I wanted to write to you all ever since I first received my transplant, but at the same time felt like I needed time to recover and regroup. The recovery process is difficult and I battle with setbacks every few weeks, but I am very inspired and motivated to succeed. The lungs in my body feel strong and I can already do so many things that I could not do years ago. I want to personally thank you all from the deepest parts of my being for the gift of life that was provided to me. Just as I won't be able to understand the grief of the loss you experienced, I cannot begin to describe the amount of love, happiness, and gratitude my family and friends feel for my life continuing. I hope you all can share in some of this joy that your loved one saved a life and is a hero to so many people.

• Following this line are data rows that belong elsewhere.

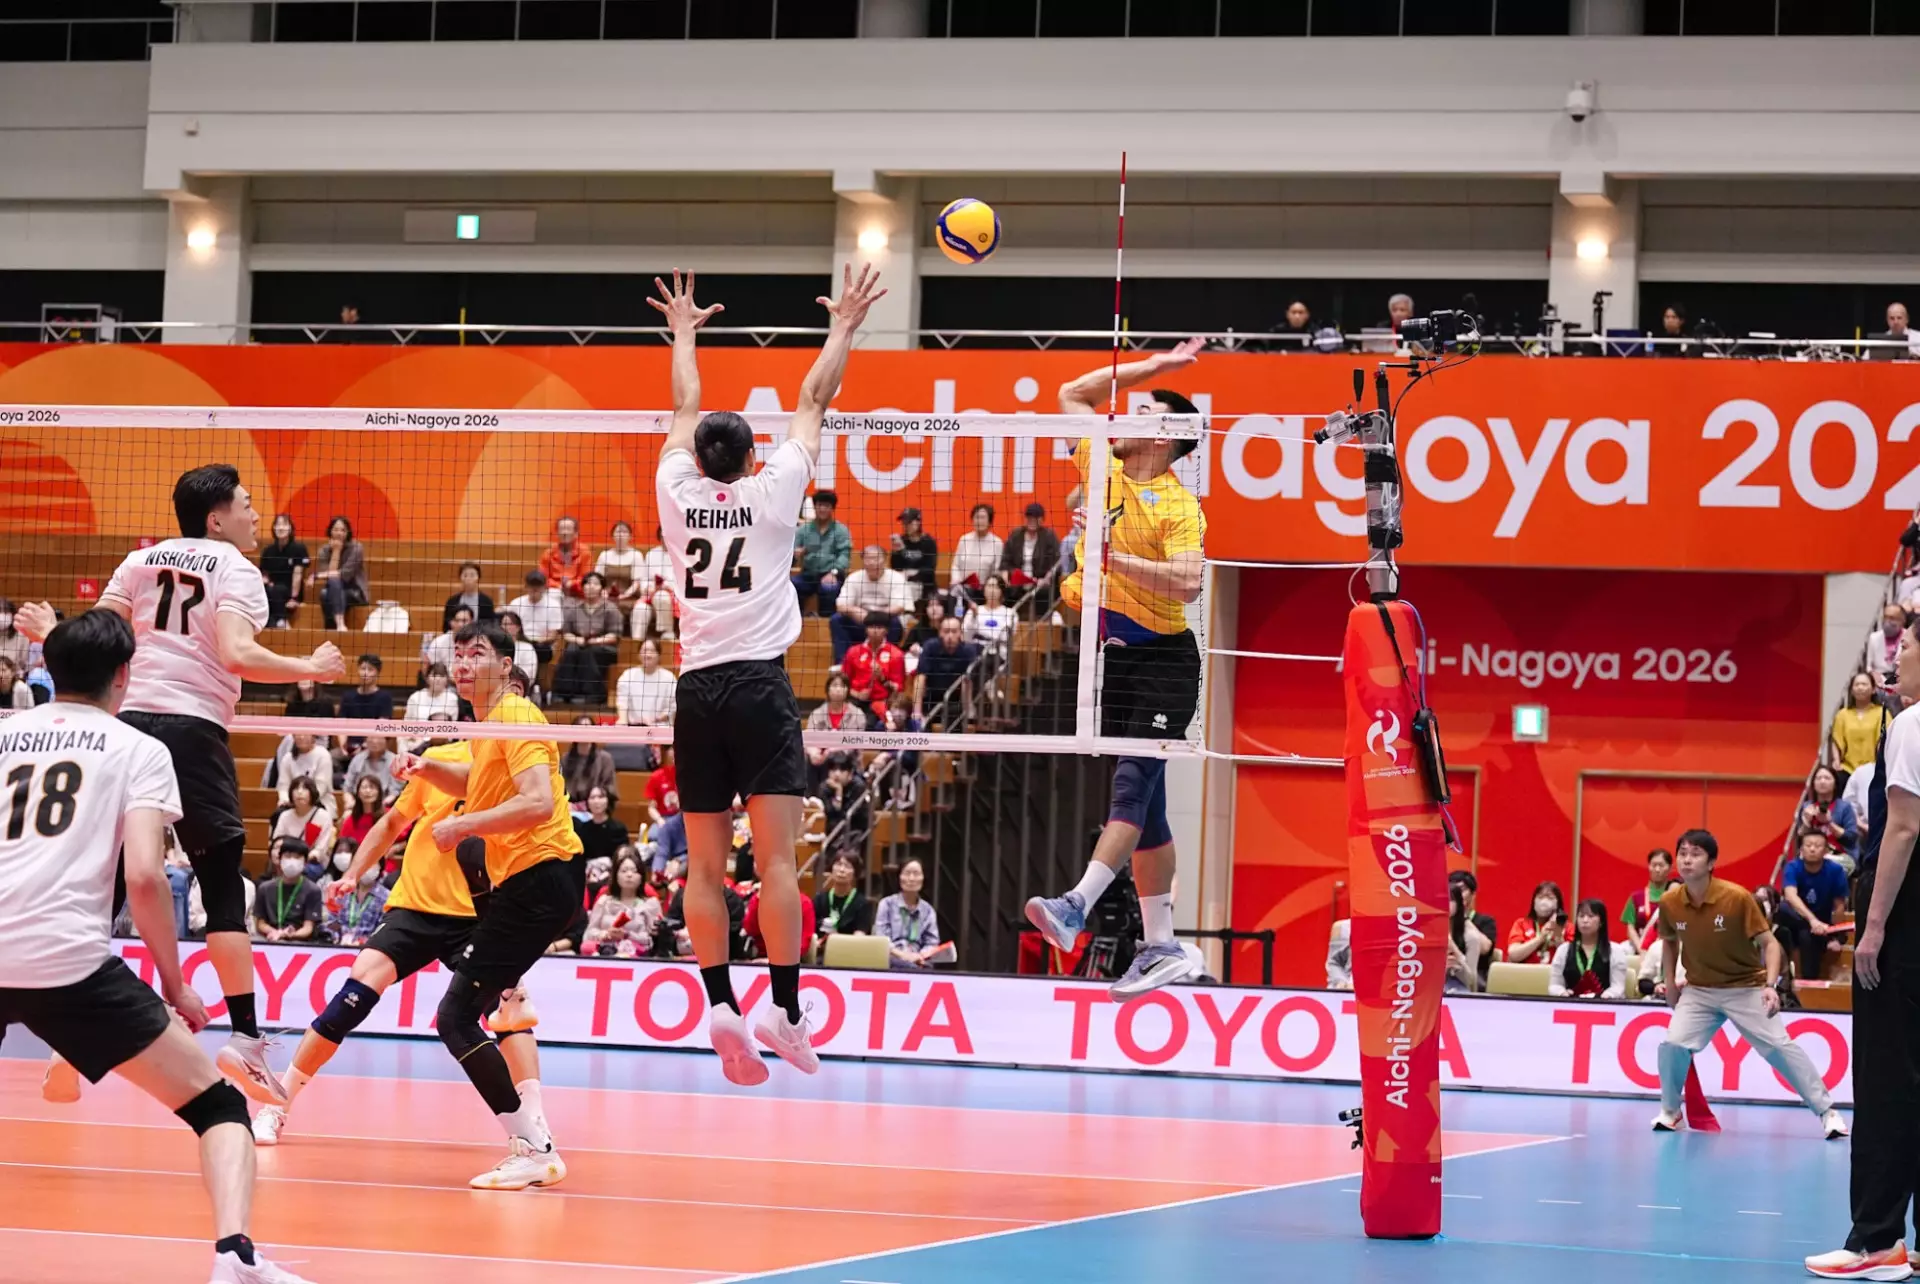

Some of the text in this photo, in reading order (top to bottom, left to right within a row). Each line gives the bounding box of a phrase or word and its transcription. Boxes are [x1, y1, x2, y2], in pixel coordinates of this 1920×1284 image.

[27, 410, 60, 422] 2026
[365, 412, 499, 429] Aichi-Nagoya 2026
[821, 417, 960, 434] Aichi-Nagoya 2026
[686, 507, 752, 529] KEIHAN
[145, 551, 218, 573] NISHIMOTO
[685, 536, 752, 599] 24
[155, 568, 205, 635] 17
[1632, 647, 1738, 683] 2026
[375, 724, 458, 734] Aichi-Nagoya 2026
[0, 730, 107, 754] NISHIYAMA
[841, 736, 929, 747] Aichi-Nagoya 2026
[6, 761, 83, 840] 18
[1383, 824, 1424, 1109] Aichi-Nagoya 2026
[1054, 987, 1471, 1079] TOYO

If you all are comfortable sharing, I would like to know a little about the type of person your loved one was who donated their lungs to me. What they enjoyed to do, or their hobbies, interests etc. I don't want any of my life to be wasted given this second chance and if I can honor their memory in any way by knowing them, or contributing to their passions or interests, it will help me in a way say thank you and carry on their spirit not only with my breath but also in my actions.

With deepest regards and love,
Mitch
Double-lung Transplant 07/21/2010 due to end-stage Cystic Fibrosis and OB


Friday, December 10, 2010

Officially released


Here is a photo taken while Visiting "Pops" and Nancy, Rebecca's Dad and friend

Hello All,

December 1st, was our last day in Chapel Hill. We moved just about all of our things back to Maryland over thanksgiving. We went back to Maryland for the holiday and enjoyed another incredible Thanksgiving dinner at my Aunt Harriet's home. It was great to see everyone. We went back to Chapel Hill for a few days and for me to have another clinic appointment.

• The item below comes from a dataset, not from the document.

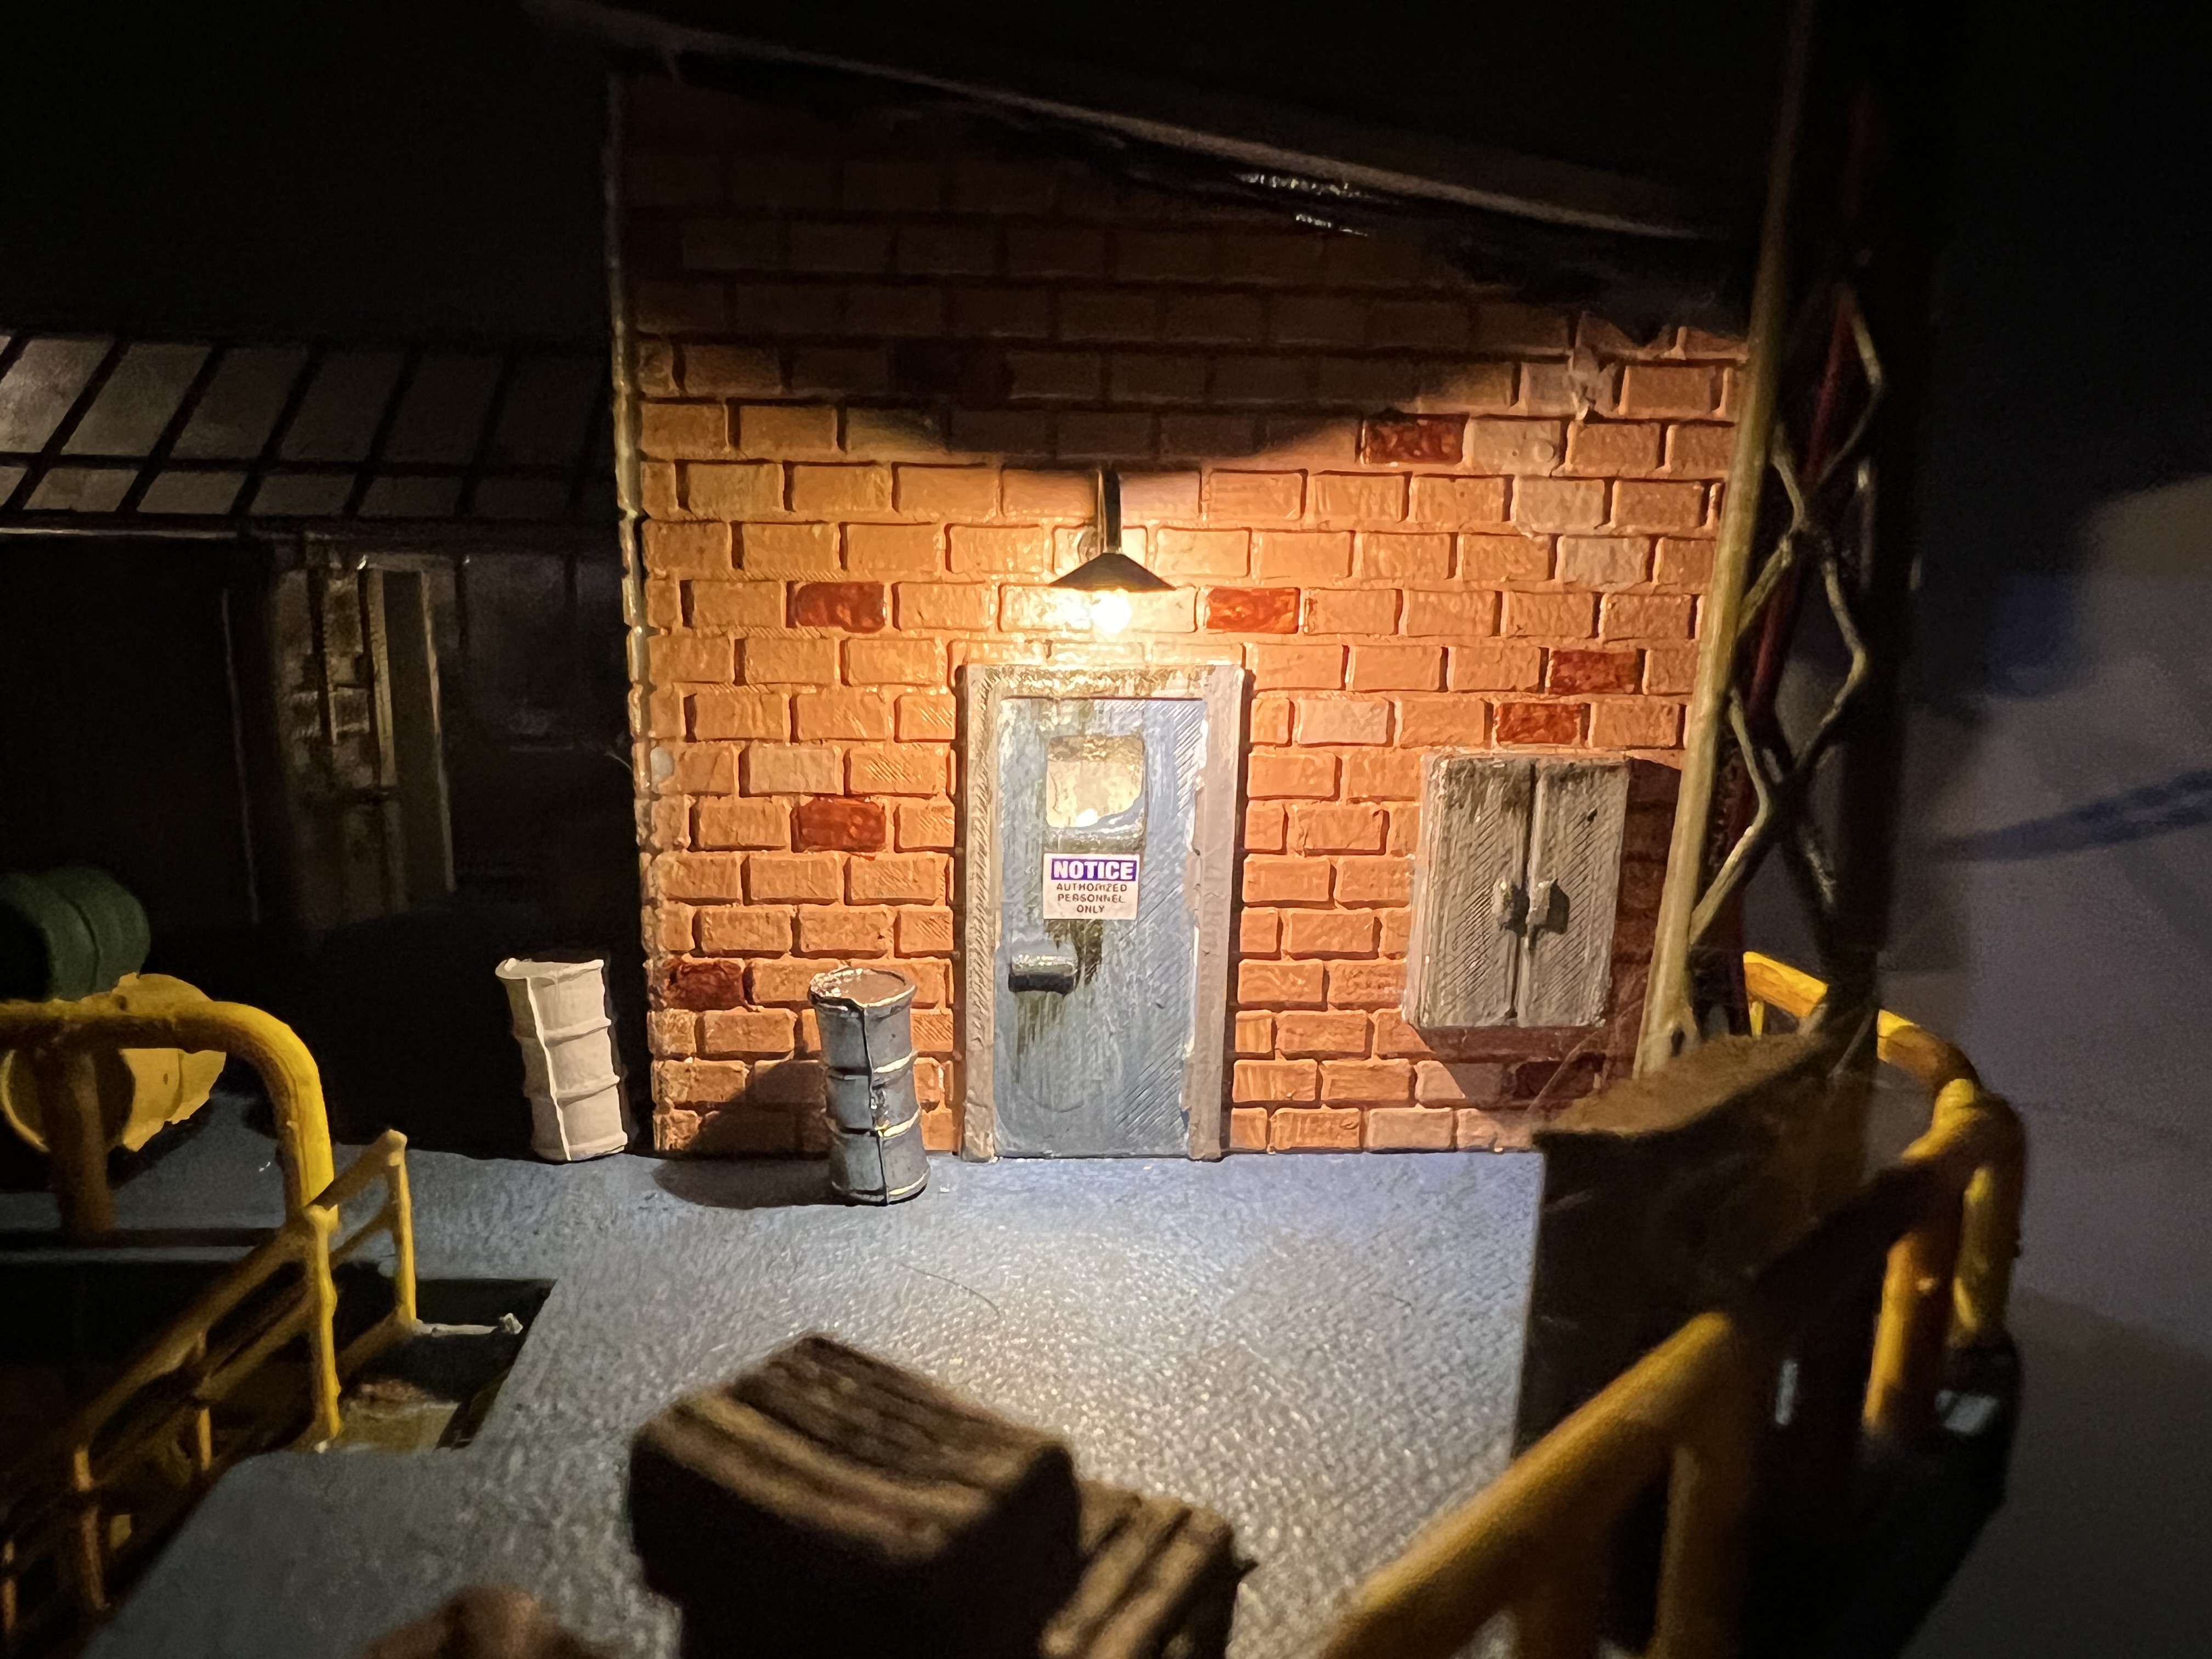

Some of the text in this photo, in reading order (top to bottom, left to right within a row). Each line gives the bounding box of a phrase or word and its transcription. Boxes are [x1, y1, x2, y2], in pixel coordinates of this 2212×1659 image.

Everything went well. My breathing tests continue to slowly improve. Which is the best way for them to go. Not to go too much into the numbers, as it would cause for more detailed explanation, but before tranpslant one of the main numbers they look at is your FEV1. This is how forcefully one can blow out air in one second after breathing in their deepest breath. It is a good measure of how strong the lungs are, how diseased they may be due to narrowing or blockage, and also capacity. Well before transplant my FEV1 had dipped to 18% on December 1st, they were 63%. Hopefully they will continue to go up to the 80s or 90s. Who knows. Lung size plays a small part. Because the number is based on someone my height etc. If donor was shorter or smaller then the percentage is skewed down a bit.
I also continue to feel very good from a breathing standpoint. I raced Matias about 200 yards today and when we stopped I barely felt like I was winded. I do have some soreness still along my ribcage area mid chest. Also my feet continue to bother me. But these are issues that don't slow me down at all.

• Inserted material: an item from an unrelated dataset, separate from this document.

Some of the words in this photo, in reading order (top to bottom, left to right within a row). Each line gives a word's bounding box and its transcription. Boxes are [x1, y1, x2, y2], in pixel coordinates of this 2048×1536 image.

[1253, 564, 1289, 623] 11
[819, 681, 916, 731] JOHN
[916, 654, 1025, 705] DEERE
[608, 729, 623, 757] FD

We are taking the next few weeks to do a lot of travelling! We are currently in Florida visiting many friends and family. We spent a week in Key West as well. We rode our bikes all through the old city and it was a breeze. I have another follow up in Chapel Hill on the 22nd.
The plan is to be back to work the first of the year. I hope everyone who is following this blog had a great thanksgiving and is ready for the new year. I know I am.